- ACTIVITY: Write the records out exactly as they read, but not the pictures.

━━━━━ GIVEN DATA

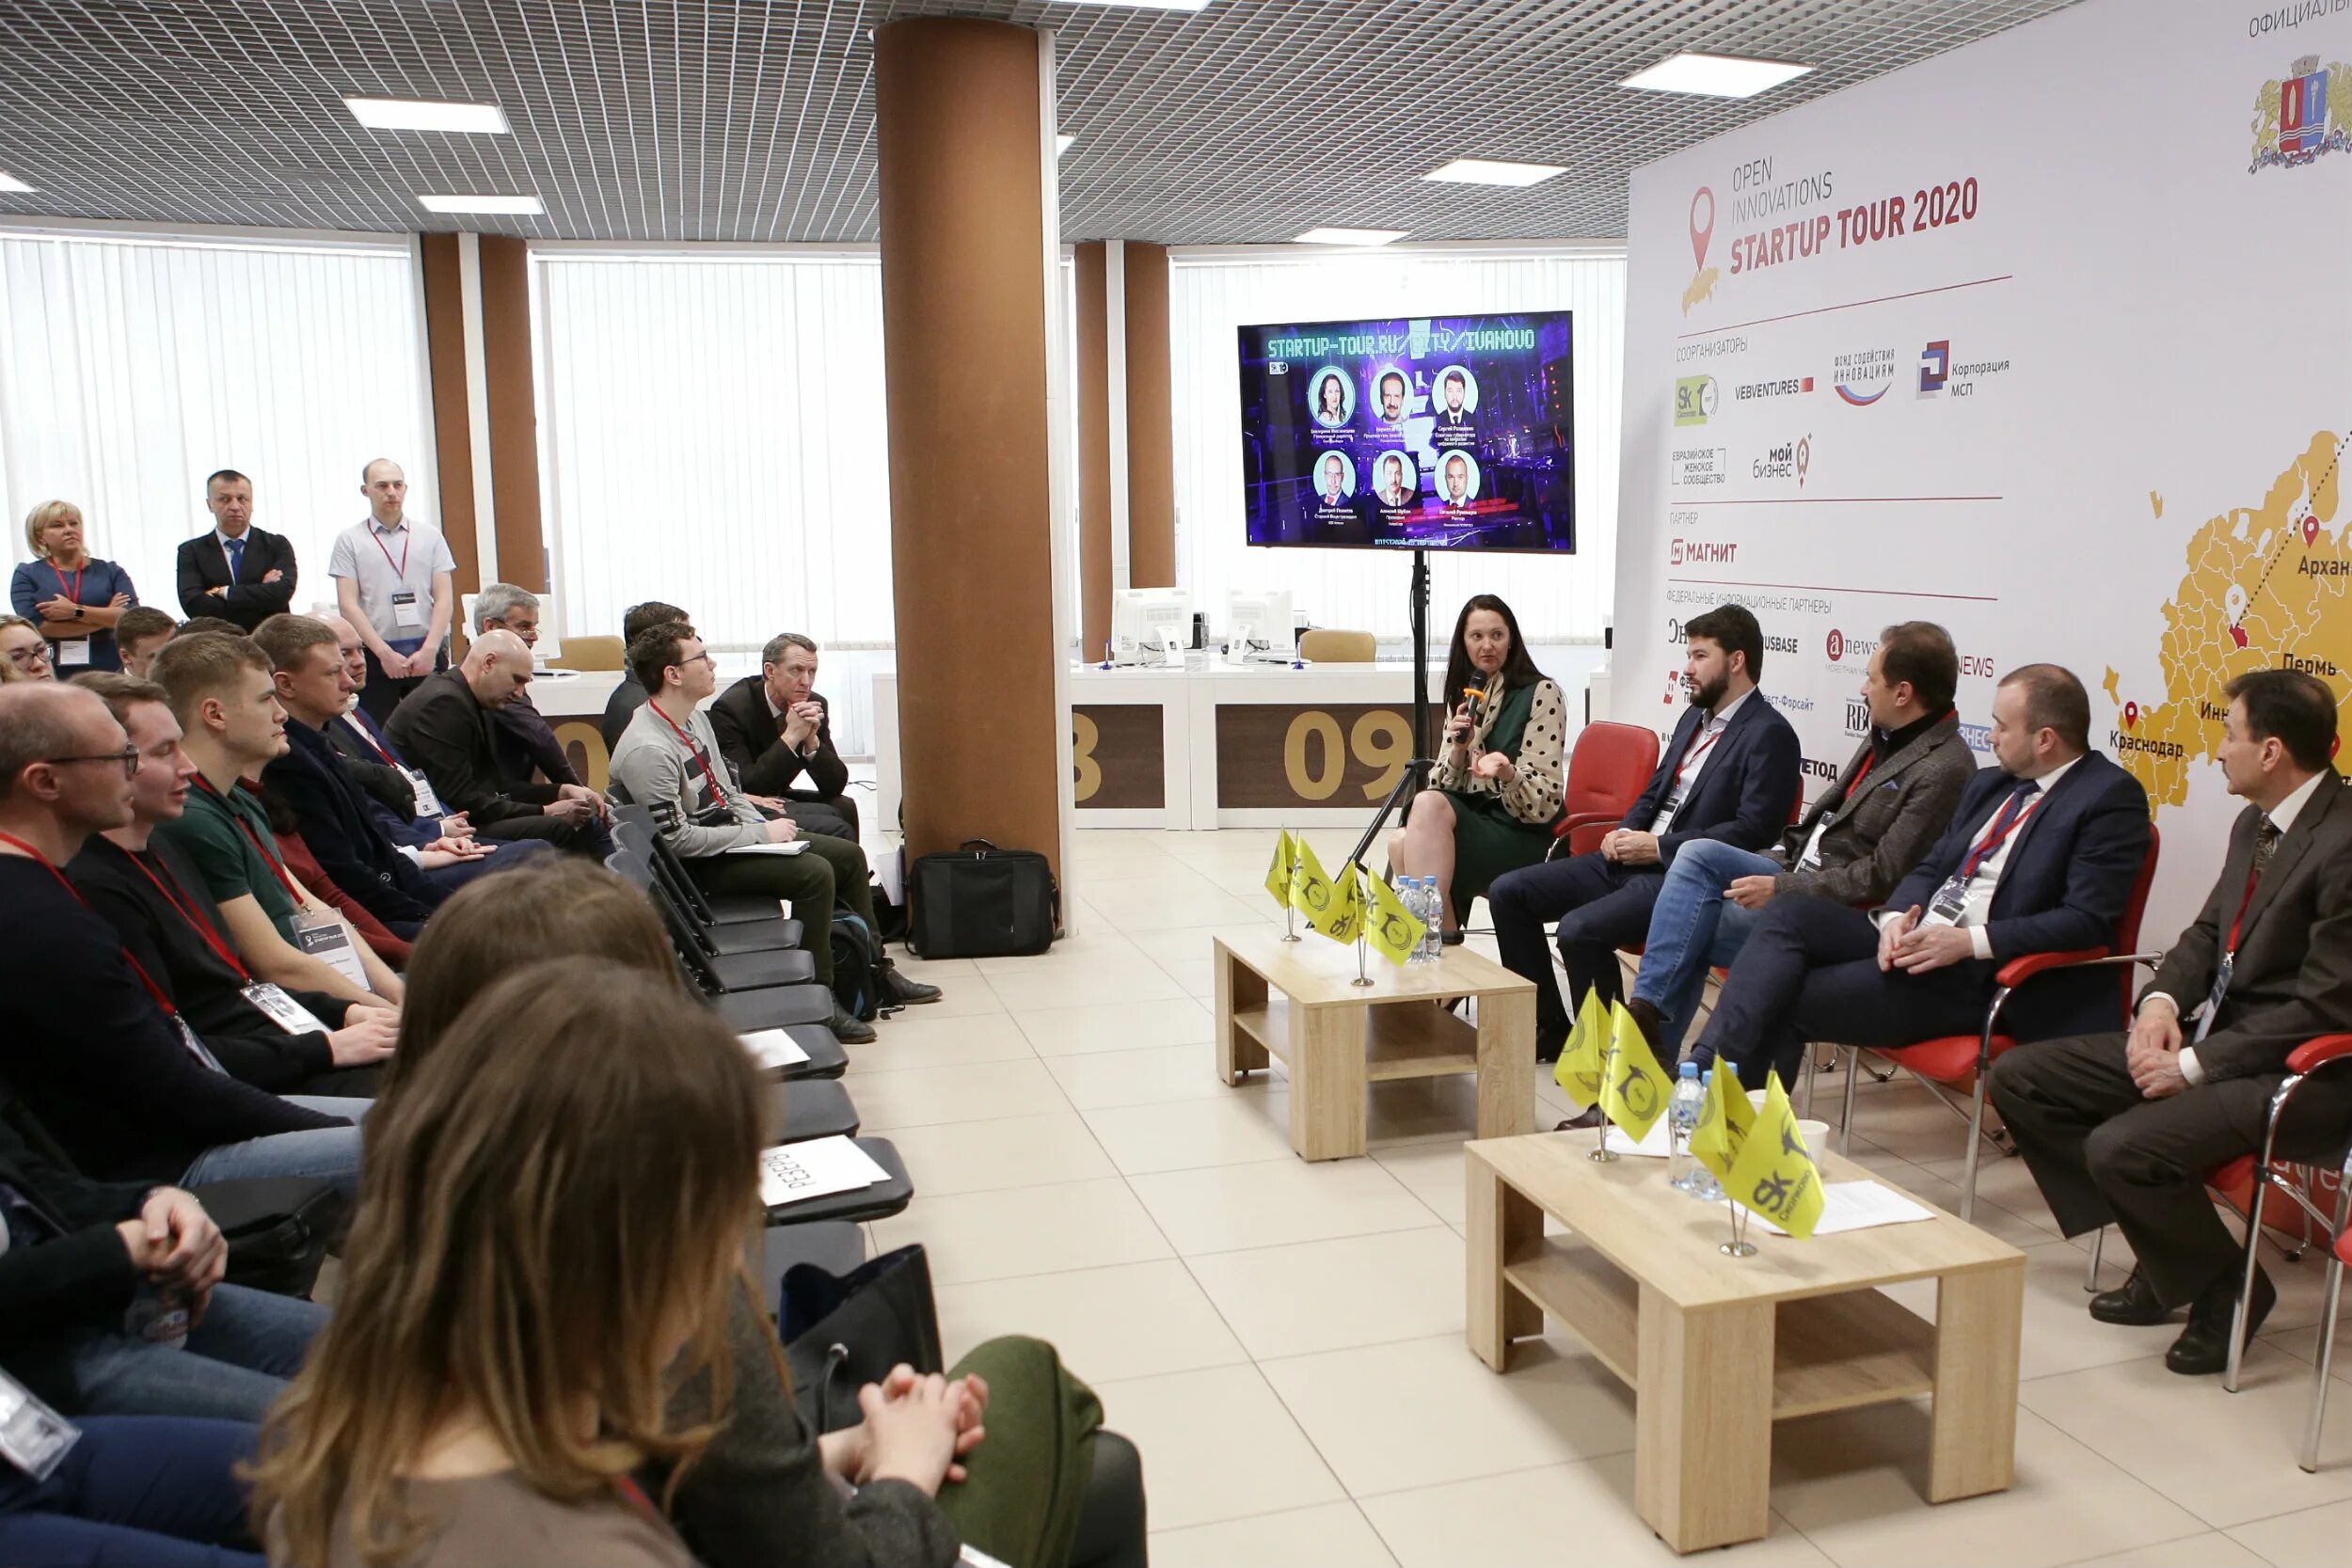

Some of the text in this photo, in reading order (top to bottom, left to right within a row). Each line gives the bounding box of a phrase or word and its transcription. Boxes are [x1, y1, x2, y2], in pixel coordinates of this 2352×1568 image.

[2249, 0, 2352, 38] ОФИЦИАЛЬ
[1732, 155, 1773, 192] OPEN
[1731, 171, 1834, 225] INNOVATIONS
[1730, 176, 1979, 275] STARTUP TOUR 2020
[1677, 336, 1748, 362] СООРГАНИЗАТОРЫ
[1835, 348, 1895, 367] ФОНД СОДЕЙСТВИЯ
[1834, 363, 1895, 383] ИННОВАЦИЯМ
[1951, 359, 2010, 379] Корпорация
[1735, 379, 1799, 401] VEBVENTURES
[1950, 383, 1973, 397] МСП
[1672, 449, 1714, 461] ЕВРАЗИЙСКОЕ
[1684, 461, 1713, 473] ЖЕНСКОЕ
[1753, 459, 1792, 479] бизнес
[1683, 474, 1725, 485] СООБЩЕСТВО
[1670, 512, 1699, 525] ПАРТНЕР
[1686, 543, 1738, 563] МАГНИТ
[2297, 555, 2352, 579] Архан
[1667, 590, 1833, 614] ФЕДЕРАЛЬНЫЕ ИНФОРМАЦИОННЫЕ ПАРТНЕРЫ
[1764, 635, 1799, 654] USBASE
[2283, 653, 2338, 676] Пермь
[1284, 710, 1413, 800] 09
[2109, 731, 2184, 759] Краснодар
[1801, 757, 1837, 783] ЕТОД
[1752, 1169, 1794, 1213] Sk
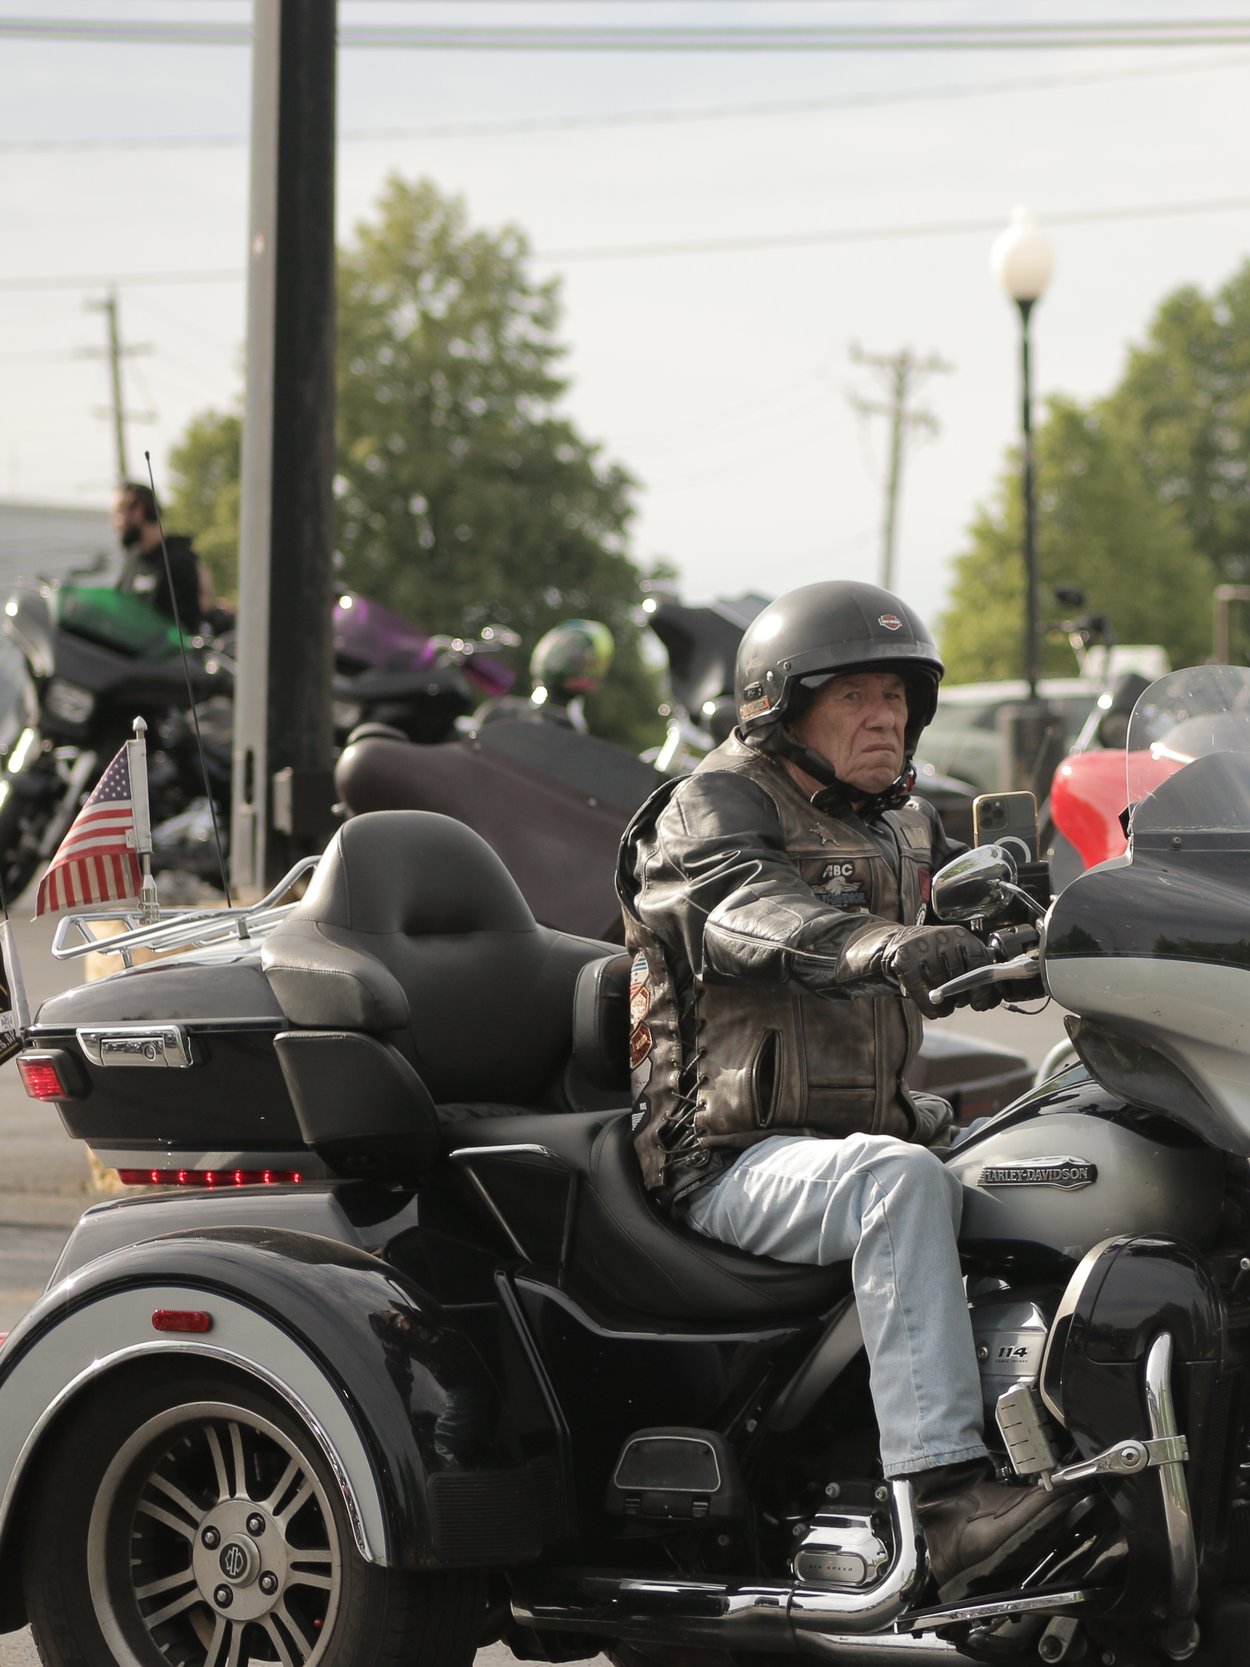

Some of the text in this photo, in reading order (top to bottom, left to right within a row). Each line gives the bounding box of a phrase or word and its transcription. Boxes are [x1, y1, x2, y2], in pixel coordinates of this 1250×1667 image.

[822, 864, 853, 878] ABC
[984, 1167, 1088, 1182] HARLEY-DAVIDSON
[998, 1346, 1028, 1358] 114
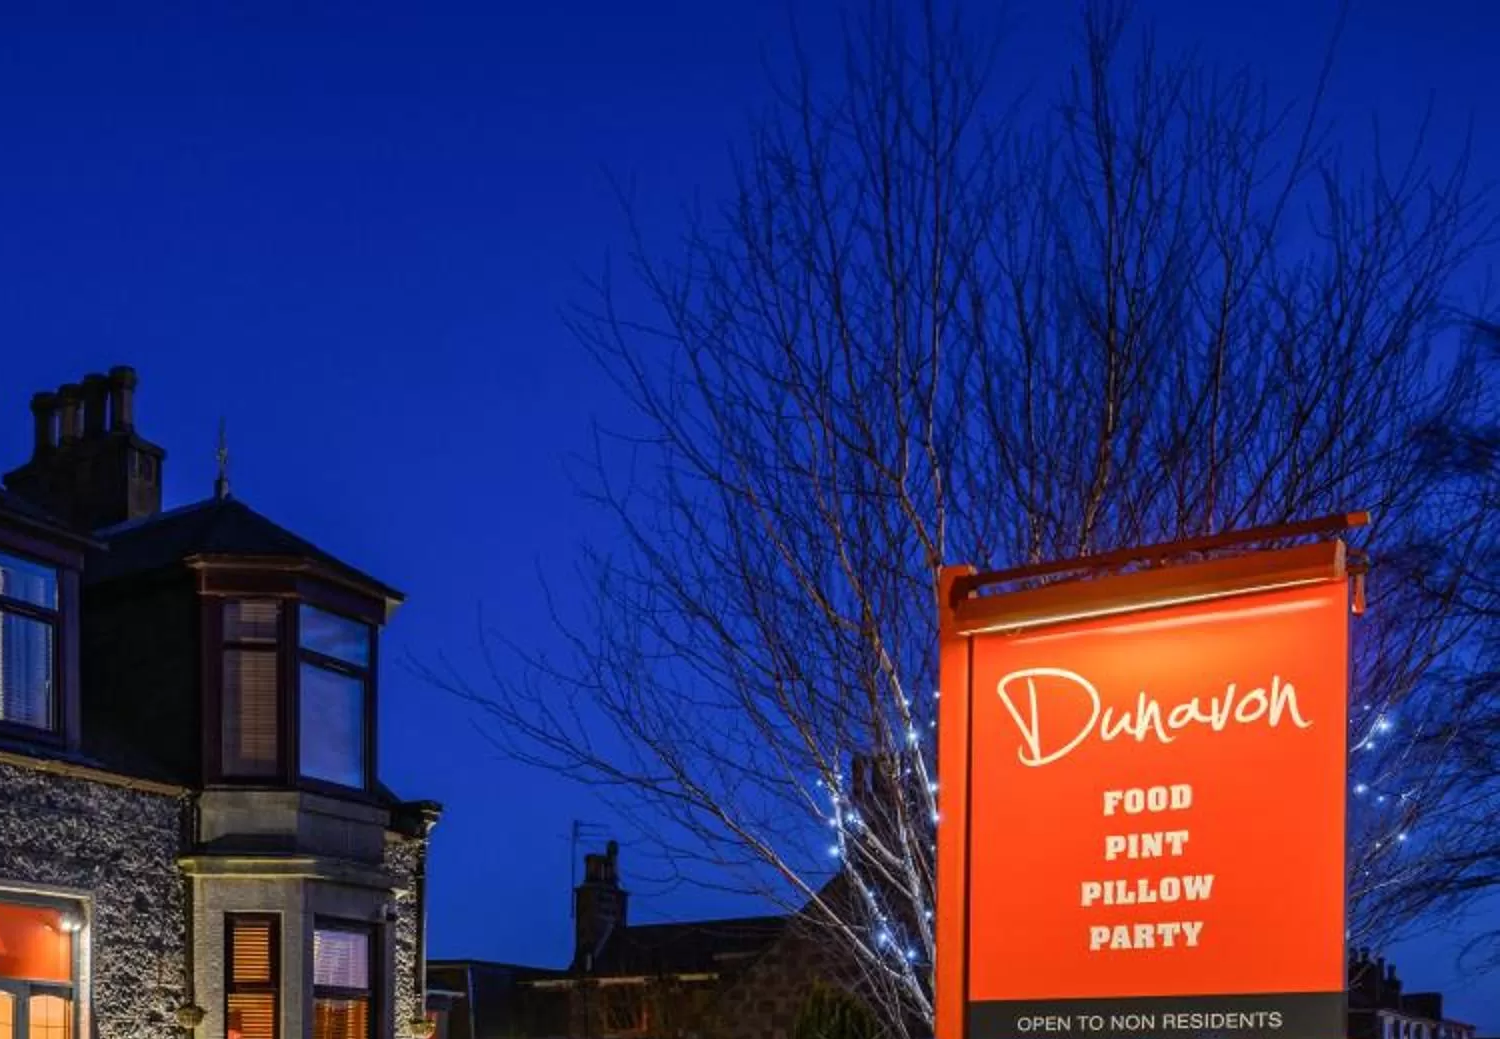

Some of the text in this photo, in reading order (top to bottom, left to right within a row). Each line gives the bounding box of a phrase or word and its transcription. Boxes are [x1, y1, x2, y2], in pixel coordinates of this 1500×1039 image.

[997, 667, 1313, 767] Dunavon
[1103, 784, 1193, 816] FOOD
[1105, 830, 1189, 861] PINT
[1081, 874, 1215, 907] PILLOW
[1090, 921, 1203, 951] PARTY
[1017, 1011, 1283, 1032] OPEN TO NON RESIDENTS

━━━━━━━━━━

- SOLUTION FOR THIS PROBLEM:
Some of the text in this photo, in reading order (top to bottom, left to right within a row). Each line gives the bounding box of a phrase or word and its transcription. Boxes are [x1, y1, x2, y2], in pixel coordinates of this 2352×1568 image.

[2249, 0, 2352, 38] ОФИЦИАЛЬ
[1732, 155, 1773, 192] OPEN
[1731, 171, 1834, 225] INNOVATIONS
[1730, 176, 1979, 275] STARTUP TOUR 2020
[1677, 336, 1748, 362] СООРГАНИЗАТОРЫ
[1835, 348, 1895, 367] ФОНД СОДЕЙСТВИЯ
[1834, 363, 1895, 383] ИННОВАЦИЯМ
[1951, 359, 2010, 379] Корпорация
[1735, 379, 1799, 401] VEBVENTURES
[1950, 383, 1973, 397] МСП
[1672, 449, 1714, 461] ЕВРАЗИЙСКОЕ
[1684, 461, 1713, 473] ЖЕНСКОЕ
[1753, 459, 1792, 479] бизнес
[1683, 474, 1725, 485] СООБЩЕСТВО
[1670, 512, 1699, 525] ПАРТНЕР
[1686, 543, 1738, 563] МАГНИТ
[2297, 555, 2352, 579] Архан
[1667, 590, 1833, 614] ФЕДЕРАЛЬНЫЕ ИНФОРМАЦИОННЫЕ ПАРТНЕРЫ
[1764, 635, 1799, 654] USBASE
[2283, 653, 2338, 676] Пермь
[1284, 710, 1413, 800] 09
[2109, 731, 2184, 759] Краснодар
[1801, 757, 1837, 783] ЕТОД
[1752, 1169, 1794, 1213] Sk

Some of the text in this photo, in reading order (top to bottom, left to right within a row). Each line gives the bounding box of a phrase or word and its transcription. Boxes are [x1, y1, x2, y2], in pixel coordinates of this 1250×1667 image.

[822, 864, 853, 878] ABC
[984, 1167, 1088, 1182] HARLEY-DAVIDSON
[998, 1346, 1028, 1358] 114

Some of the text in this photo, in reading order (top to bottom, left to right within a row). Each line gives the bounding box of a phrase or word and its transcription. Boxes are [x1, y1, x2, y2], in pixel coordinates of this 1500×1039 image.

[997, 667, 1313, 767] Dunavon
[1103, 784, 1193, 816] FOOD
[1105, 830, 1189, 861] PINT
[1081, 874, 1215, 907] PILLOW
[1090, 921, 1203, 951] PARTY
[1017, 1011, 1283, 1032] OPEN TO NON RESIDENTS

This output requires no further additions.